WAYNE, N.J. – Fujinon, a major manufacturer and distributor of optics and lens assemblies for the digital cinema, broadcast, and industrial markets, announced today the Advanced Imaging and Visualization Laboratory (AIVL) at the Woods Hole Oceanographic Institution (WHOI) used a Fujinon HA13x4.5 wide angle Premier Series HD zoom lens on a prototype still and HD video camera to capture the first video and still images of a deep-sea volcano actively erupting molten lava on the seafloor.

During a research expedition last May aboard the RV Thomas Thompson, oceanographers from NOAA used Jason, a remotely operated vehicle (ROV) that is part of the National Deep Submergence Facility operated by WHOI, to observe and record the powerful event, which occurred in the South Pacific almost 4,000 feet below the ocean surface. The HD video footage was shown for the first time last month at the American Geophysical Union fall meeting in San Francisco.

A team of scientists led by Dr. Joe Resing, a chemical oceanographer at the University of Washington and NOAA, used the Jason ROV, which was positioned close to the erupting volcano to collect samples of rocks, water, and biological specimens. “We were lucky to have those cameras on the vehicle. They are important to the science,” said Tim Shank, a WHOI macro-biologist who, along with Maryann Keith, helped operate the camera system. “We use the high def cameras to try to identify species. They allow us to look at the morphology of the animals, some smaller than three or four inches long.”

The unique camera system was designed and operated by AIVL, which develops high resolution imaging systems for scientific and entertainment imaging applications. Footage from AIVL systems has been used in hundreds of television programs and documentaries, as well as IMAX films.

According to William N. Lange, AIVL research specialist, the camera’s 1-CCD image sensor acquires up to 60 still images per second while simultaneously generating HD video at 29.97 frames per second. The system offers 1920x1080 resolution, producing raw still image data without spatial compression and a 10-bit, 4:2:2 HD-SDI video stream.

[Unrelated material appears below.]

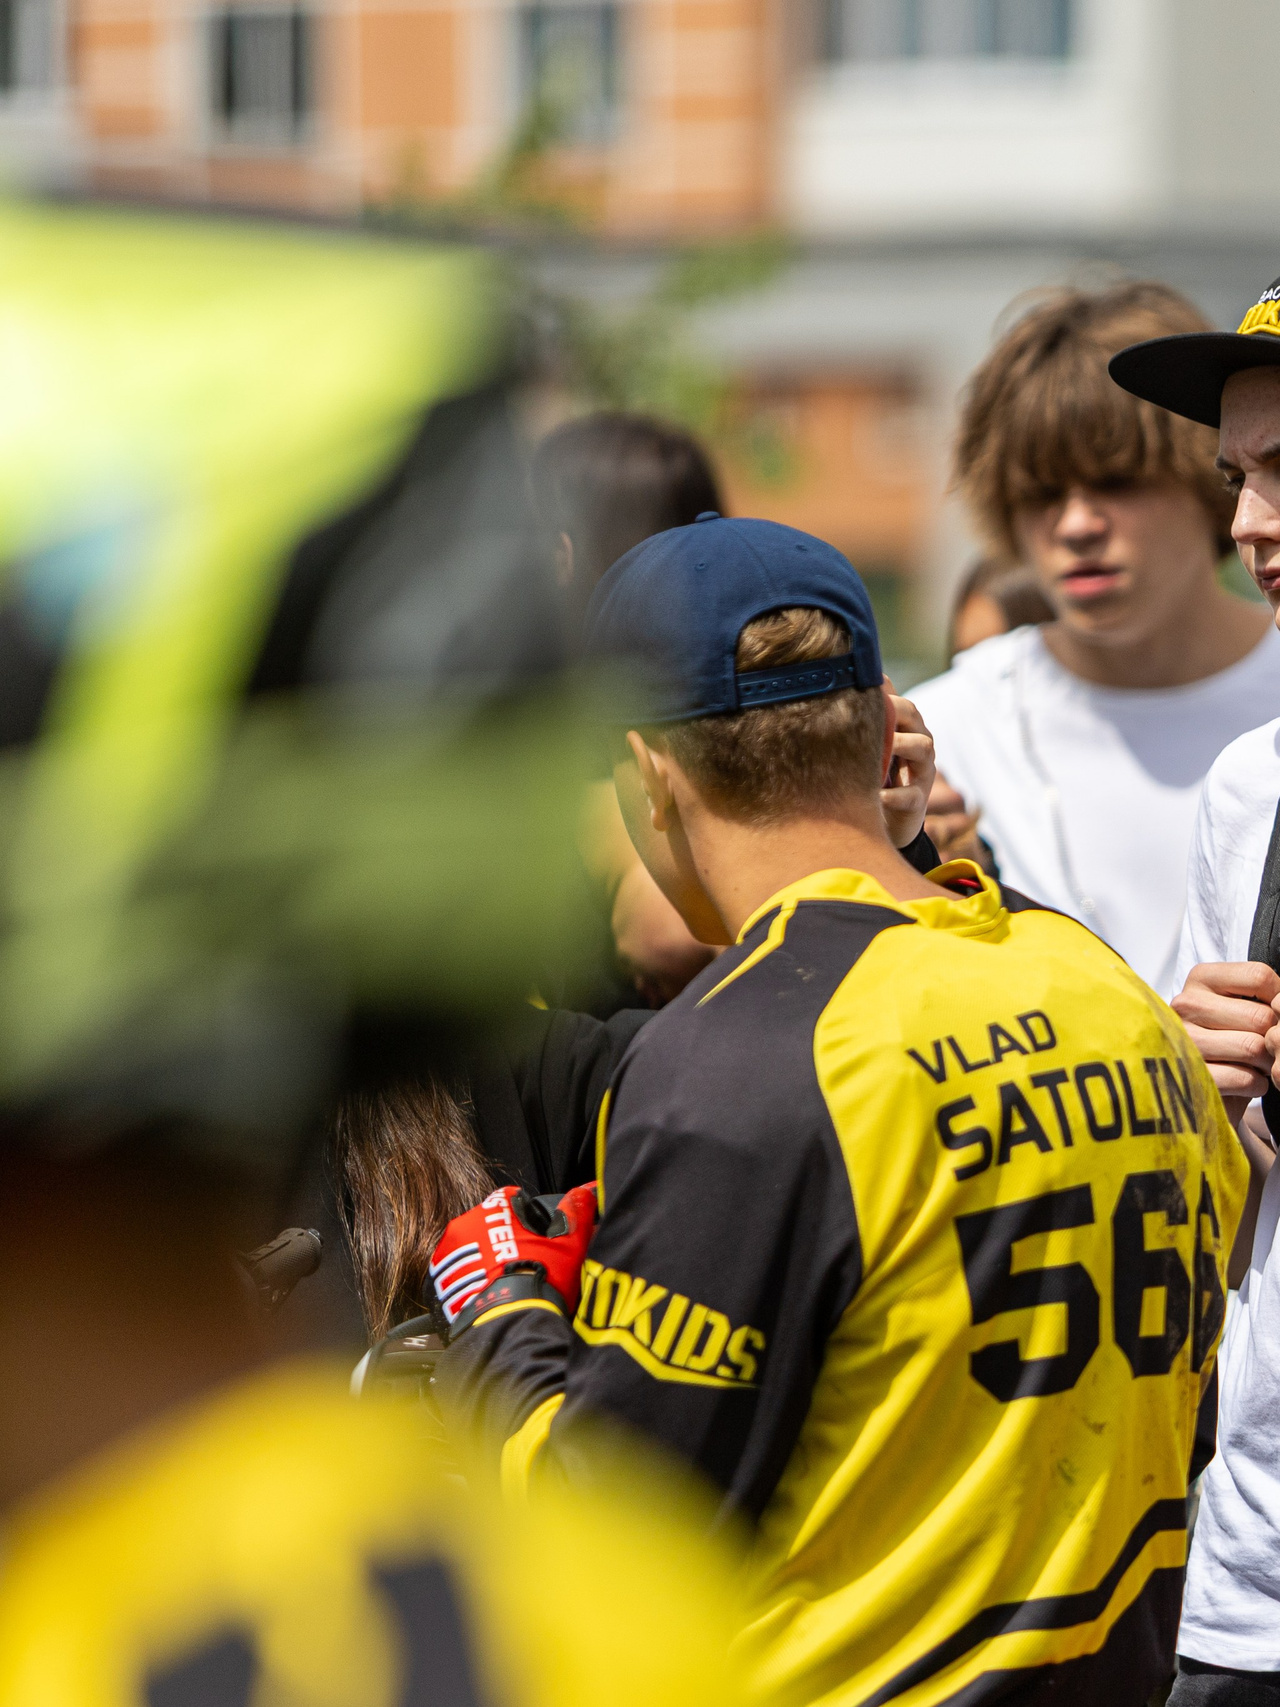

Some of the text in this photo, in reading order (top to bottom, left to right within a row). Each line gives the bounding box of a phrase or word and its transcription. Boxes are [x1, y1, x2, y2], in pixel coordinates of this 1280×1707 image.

[906, 1009, 1057, 1085] VLAD
[935, 1056, 1200, 1182] SATOLIN
[481, 1188, 520, 1263] STER

“We found a type of lava never before seen erupting from an active volcano, and for the first time observed molten lava flowing across the deep-ocean seafloor,” said Resing. “In terms of understanding how the volcano is erupting, the high frame rate lets you stop the motion and look to see what is happening. You can see the processes better.”

The ROV transmitted live HD video of the eruption back to the RV Thomas Thompson through a fiber optic tether. Lange said the system’s Fujinon HD lens provides almost twice the focal length and many times the resolution of the SD cameras that are normally used on vehicles like Jason.

“This camera is a hybrid based around the concept that we need to acquire still and motion imagery from our HD cameras,” Lange explained. “It’s an architecture we’ve developed to support a variety of image sensors and its modularity allows us to adapt it efficiently for different scientific purposes.”

Installation of the prototype camera system, which had been used on two previous expeditions, was funded by the National Science Foundation. After its successful tests, Lange said the new camera could become a permanent upgrade on Jason and Alvin, a manned deep-sea submersible, later this year.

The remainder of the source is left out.